▶ Exercise aim: Output each record exactly as given. Leave out every picture.

◆ ◆ ◆ ◆

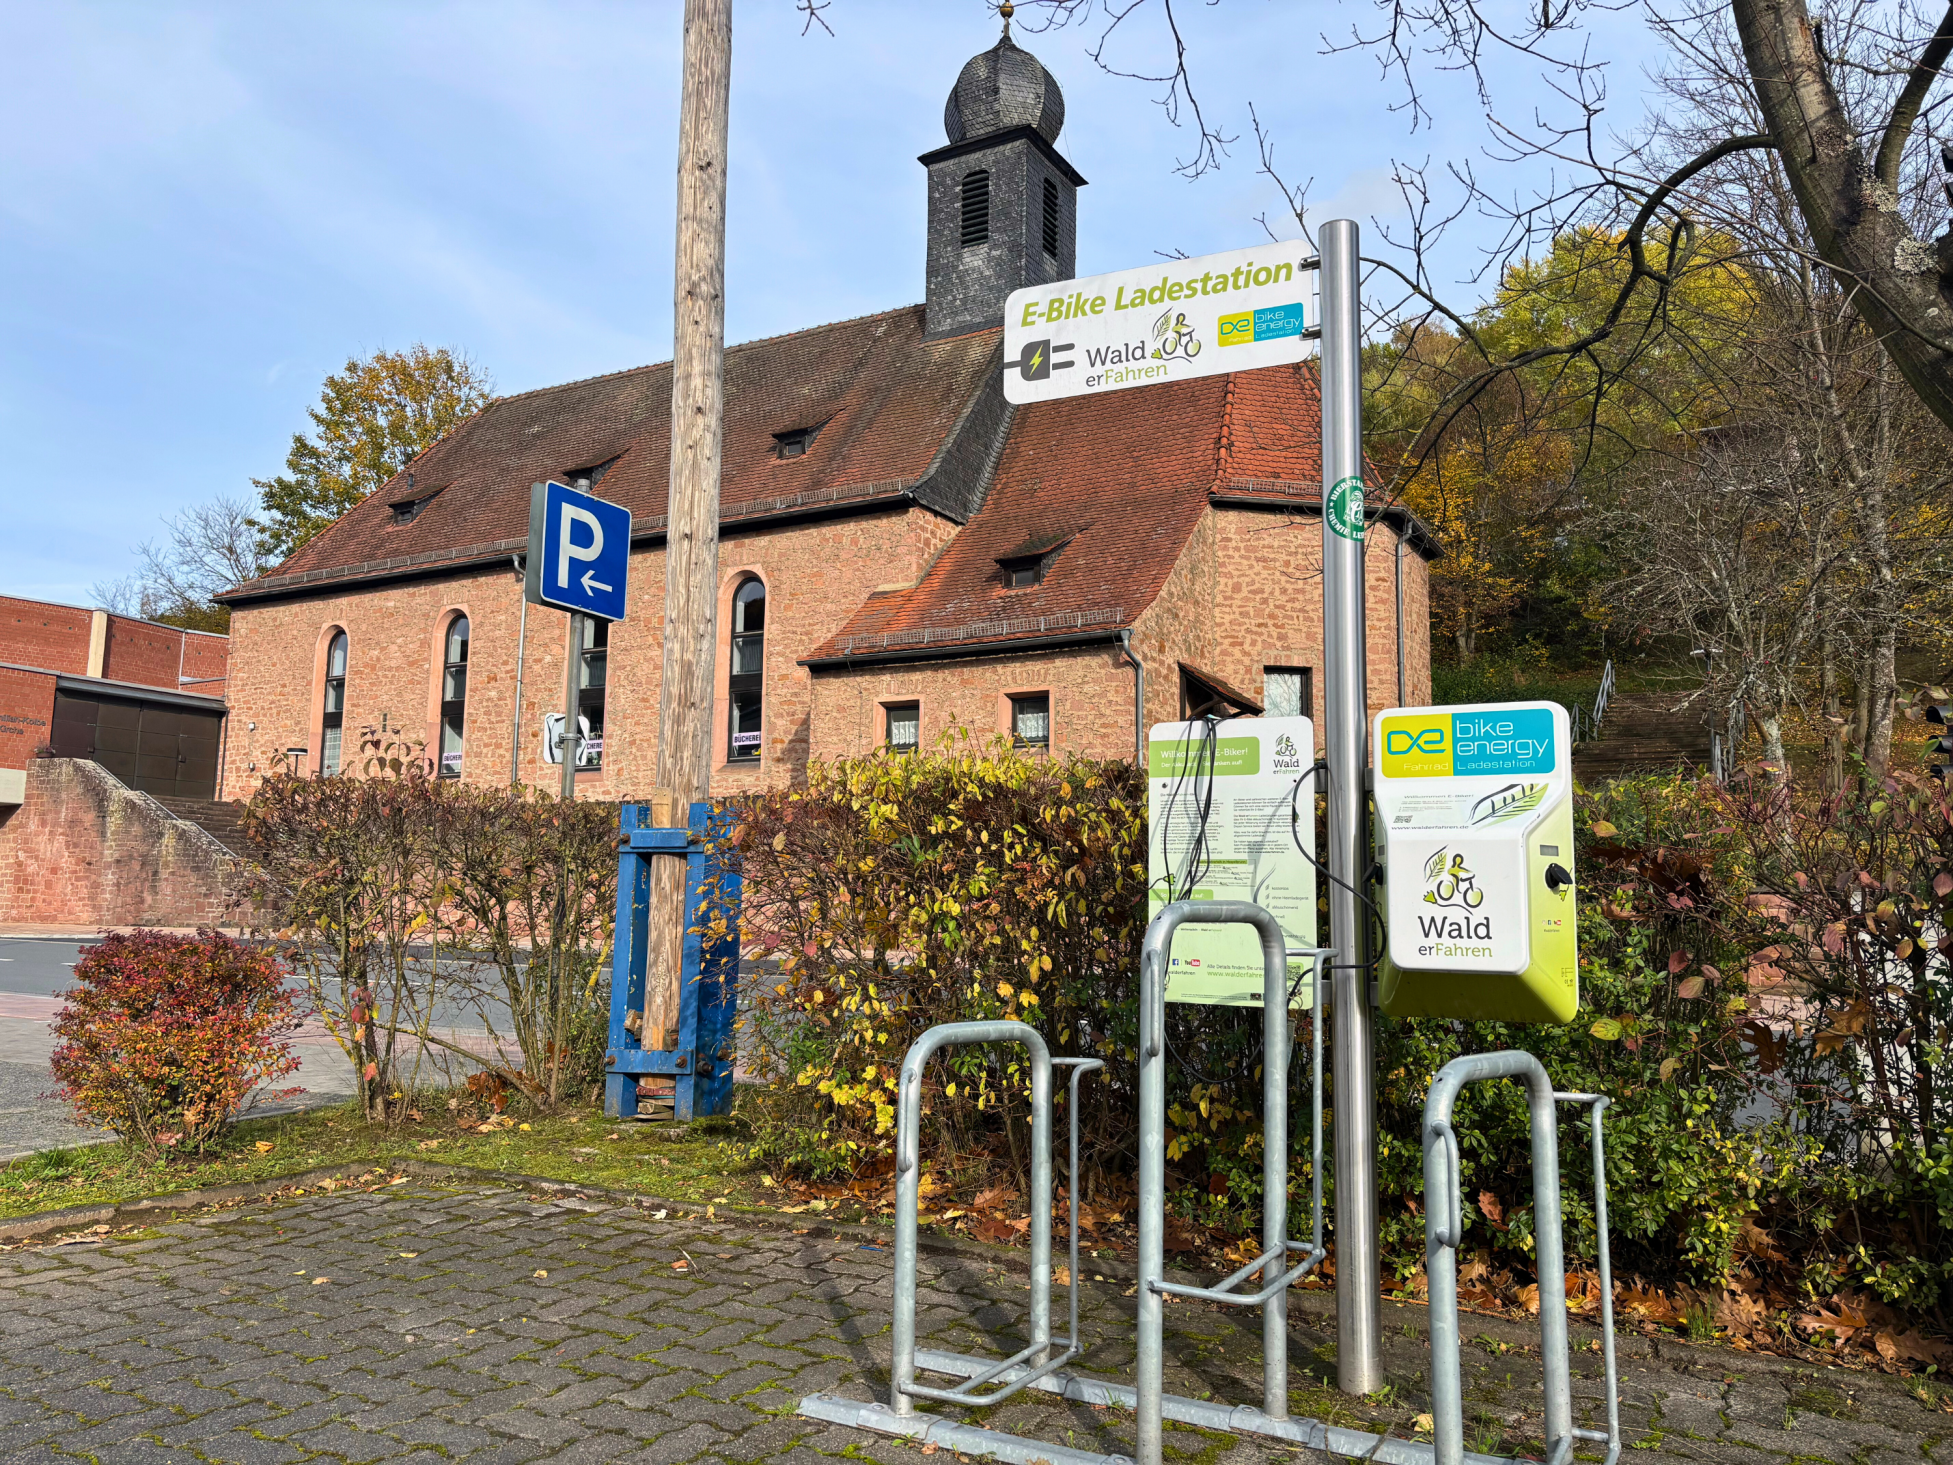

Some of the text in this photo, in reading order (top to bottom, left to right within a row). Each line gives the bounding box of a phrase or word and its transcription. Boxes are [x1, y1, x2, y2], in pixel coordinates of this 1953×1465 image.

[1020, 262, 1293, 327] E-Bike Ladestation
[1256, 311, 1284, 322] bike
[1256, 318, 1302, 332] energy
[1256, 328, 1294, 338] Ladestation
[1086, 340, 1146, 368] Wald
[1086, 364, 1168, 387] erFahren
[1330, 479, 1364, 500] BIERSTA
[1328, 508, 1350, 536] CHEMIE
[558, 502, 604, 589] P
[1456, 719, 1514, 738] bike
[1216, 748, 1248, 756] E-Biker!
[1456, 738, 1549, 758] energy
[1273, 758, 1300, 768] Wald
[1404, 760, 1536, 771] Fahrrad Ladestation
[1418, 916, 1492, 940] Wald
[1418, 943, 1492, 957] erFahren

◆ ◆ ◆ ◆

▶ Output:
Some of the text in this photo, in reading order (top to bottom, left to right within a row). Each line gives the bounding box of a phrase or word and its transcription. Boxes are [x1, y1, x2, y2], in pixel coordinates of this 1953×1465 image.

[1020, 262, 1293, 327] E-Bike Ladestation
[1256, 311, 1284, 322] bike
[1256, 318, 1302, 332] energy
[1256, 328, 1294, 338] Ladestation
[1086, 340, 1146, 368] Wald
[1086, 364, 1168, 387] erFahren
[1330, 479, 1364, 500] BIERSTA
[1328, 508, 1350, 536] CHEMIE
[558, 502, 604, 589] P
[1456, 719, 1514, 738] bike
[1216, 748, 1248, 756] E-Biker!
[1456, 738, 1549, 758] energy
[1273, 758, 1300, 768] Wald
[1404, 760, 1536, 771] Fahrrad Ladestation
[1418, 916, 1492, 940] Wald
[1418, 943, 1492, 957] erFahren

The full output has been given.